Henry David Thoreau, Walden
Acts of disappearance brings together a group of artists who have in common the use of photography as a tool of action – beyond the medium in which they operate and the object on which they rely – to talk about transience and impermanence of landscape. An exhibition with a series of installation works where images are a celebration and a reflection about the “being forever on the alert”. The works of Morten Barker, Nuno Barroso, Emanuel Cederqvist, Ida Nissen, Joshua Phillips and Thomas Wynne are about redefining the gaze on reality, beyond the subjectivity of the human eye, underlining the impermanent, transitory and ephemeral nature of landscape in its extendable notion.
1.“If I were to be asked what we are, I should answer: “We are the door to everything that can be, we are the expectation that no material response can satisfy, no trick with words deceive. We seek the heights. Each one of us can ignore this search if he has a mind to, but mankind as a whole aspires to these heights; they are the only definition of his nature, his only justification and significance” – Georges Bataille, Eroticism
By exchanging “words” for “photos” in this quote from Bataille, we are free to say that there is no image that can satisfy, elude or take us away from the normative, everyday cataclysm within which our existence seems to stagnate. In this exhibition we are not so much interested in exposing photos, but more in reflecting on what is impossible to be exhibited. The dark room nowadays is a screen of overlapping windows and seemingly infinite light, where information does not move us but rather invades and steals our sleep hours.
2.Blaise Cendrars, in an interview, spoke about the necessary conditions for a writer to operate:
“A writer should never install himself before a panorama, however grandiose it may be. Like Saint Jerome, a writer should work in his cell. Turn the back. Writing is a view of the spirit. “The world is my representation.” Humanity lives in its fiction. This is why a conqueror always wants to transform the face of the world into his image. Today, I even veil the mirrors.”
Blaise Cendrars, The Art of Fiction No. 38, Paris Review, Issue 37, Spring 1966
The landscape for the photographer here functions as the cell of Saint Jerome, but more like an infinite cell, where we are constituent parts of the world and, conscious of this, perceive the fiction that humanity artificially imposes on the world. The production and reproduction of images are only the articulation of a discourse, permeable and controlled by an “order of discourse”, contextually based on an idea of historical “man” that will tend to become obsolete and to disappear, as Foucault told us.
The photographer, as the writer, seeks the conditions to be able to articulate a discourse with his own sensitivity, a continuous attempt to go beyond the narrative of our great and continuous spectacle.

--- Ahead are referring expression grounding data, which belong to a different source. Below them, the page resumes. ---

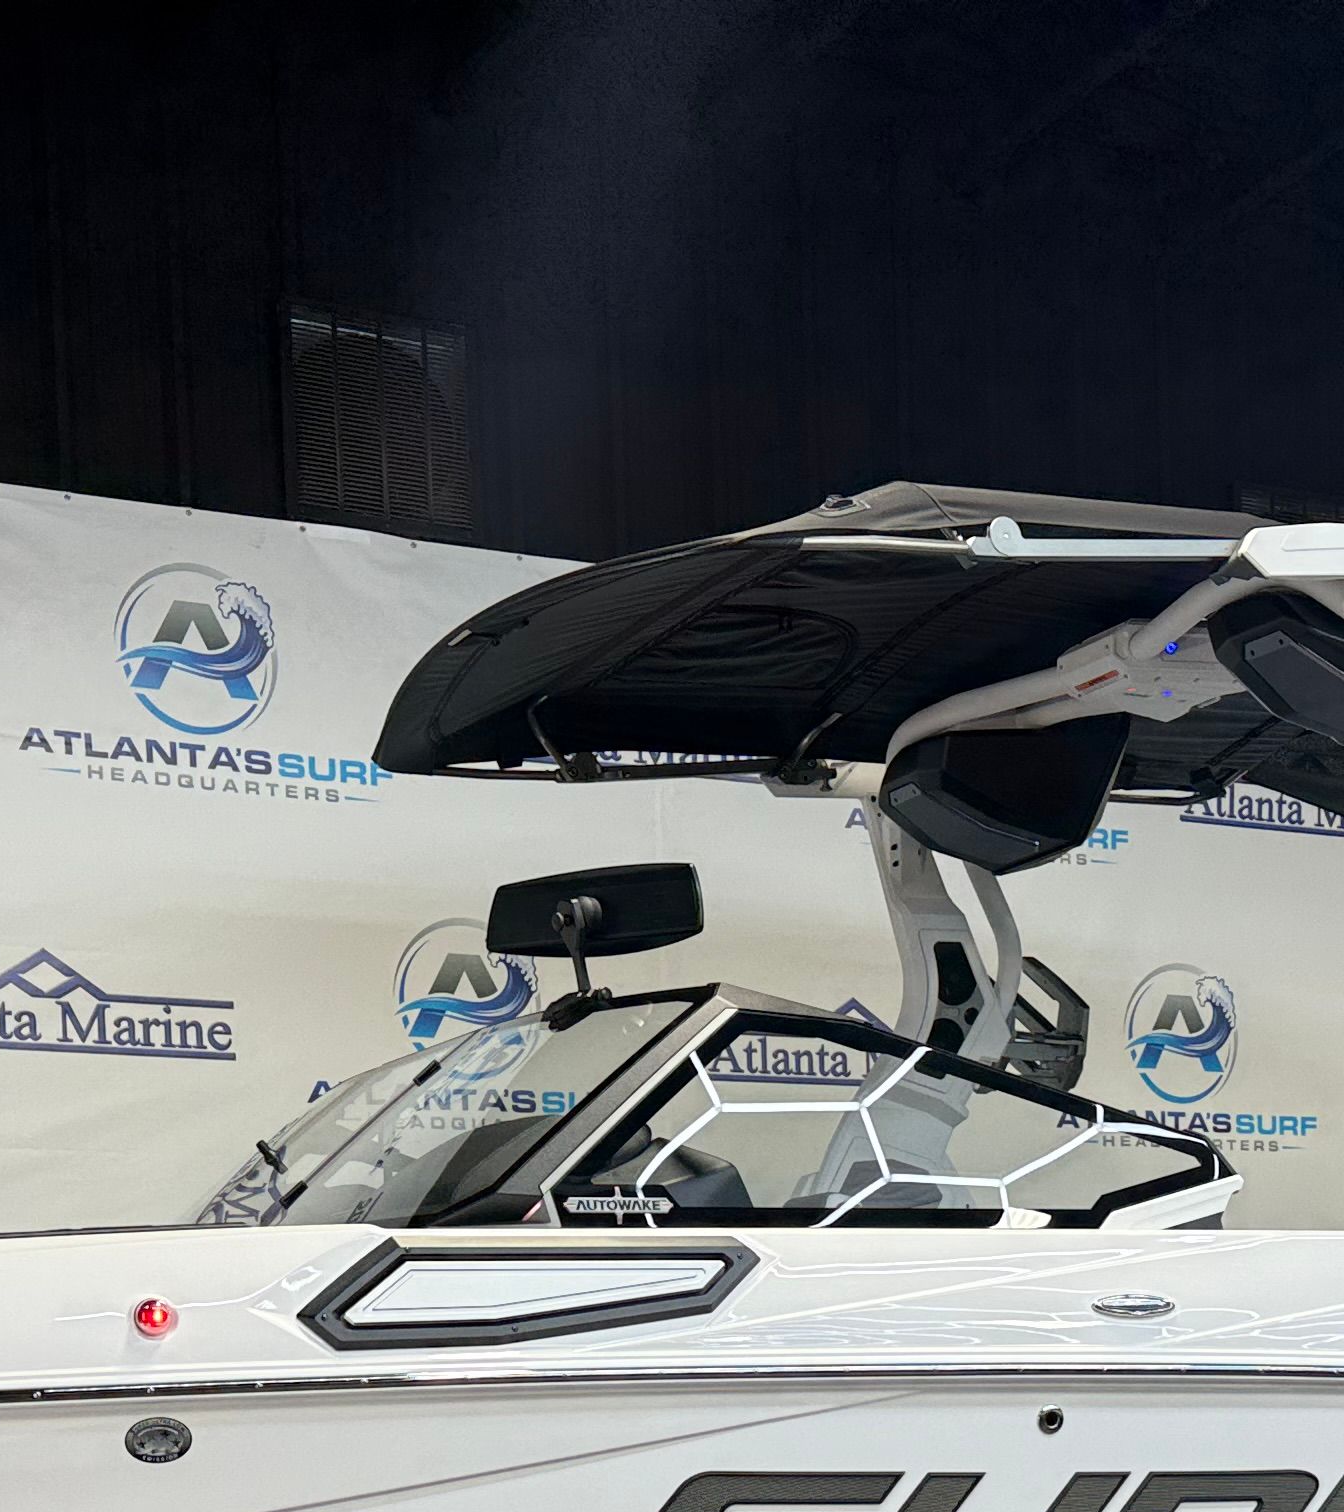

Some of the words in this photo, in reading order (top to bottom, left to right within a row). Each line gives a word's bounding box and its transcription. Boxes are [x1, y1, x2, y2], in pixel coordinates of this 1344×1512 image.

[19, 727, 272, 775] ATLANTA'S
[87, 765, 340, 803] HEADQUARTERS
[56, 1001, 233, 1051] Marine
[1236, 1114, 1317, 1136] SURF
[576, 1199, 661, 1211] AUTOWAKE

3. The photographer does not need to photograph. We know that collage, assemblage, the use of archive images and their reconfiguration are not new techniques in photography and that digital graphic editing tools are extensive and booming. Another question is its use, the discourse that can be created and how poetic cuts with the tradition and the perception of reality can happen, as it happens, for example, with Chris Marker in film and with Adam Curtis’s documentaries.